The program began with Erich Wolfgang Korngold, who helped create the Old World symphonic soundtrack. First was the splendid proto-’Star Wars’ 1942 fanfare for “Kings Row.” It was followed by a tortured but bland cello concerto, with Zuill Bailey as the glowing soloist. Korngold had based the concerto on a shorter one he had contributed to the 1946 Bette Davis rarity, “Deception.”

The evening then demonstrated how Alex North jazzed up film scores in “A Streetcar Named Desire,” how Henry Mancini added pop pizazz to movies like “Charade” and how Jerry Goldsmith brought a daring touch of Modernism to “Planet of the Apes” and “Chinatown.” John Williams, in music from “Close Encounters of the Third Kind” and a ‘Superman’ encore, put it all together by modernizing Korngold.

Wilkins may have talked too much, covering the same ground that the film music scholar Jon Burlingame had in the pre-concert talk. But Wilkins conducted with an admirably restrained elegance, treating the music seriously. The L.A. Phil played with class. It has an innate feeling and flexibility for this music the way the Vienna Philharmonic has for Mozart.

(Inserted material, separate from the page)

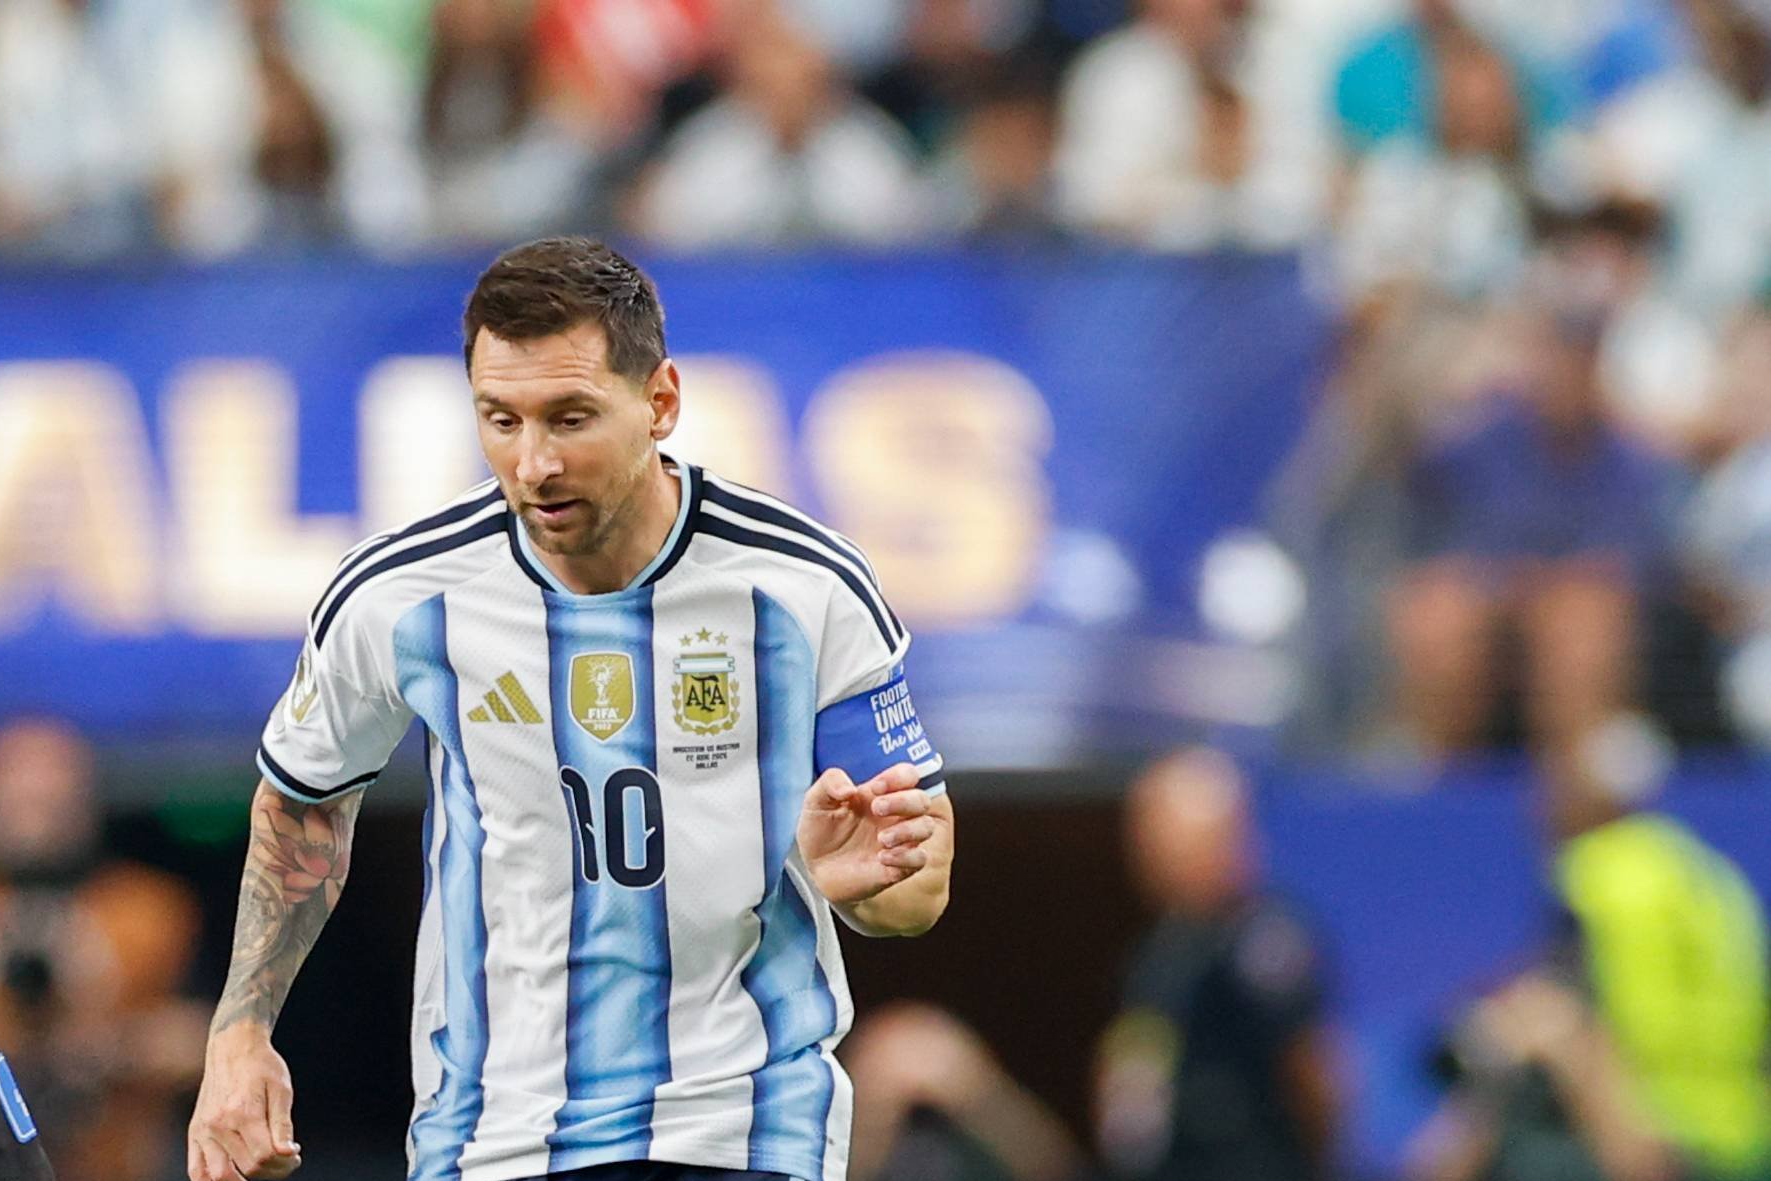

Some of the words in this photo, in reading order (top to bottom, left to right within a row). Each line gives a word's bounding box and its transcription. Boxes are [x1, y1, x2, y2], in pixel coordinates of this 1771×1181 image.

But by myopically concentrating on the movies, the orchestra missed an important opportunity to examine the significant, and sometimes uncertain, role that Hollywood has played in the larger musical life of L.A.

For that we would have needed the inclusion of Franz Waxman, who created and personally funded from his film score earnings the Los Angeles International Music Festival, where dozens of scores by Stravinsky, Schoenberg, Shostakovich and others received their American premieres.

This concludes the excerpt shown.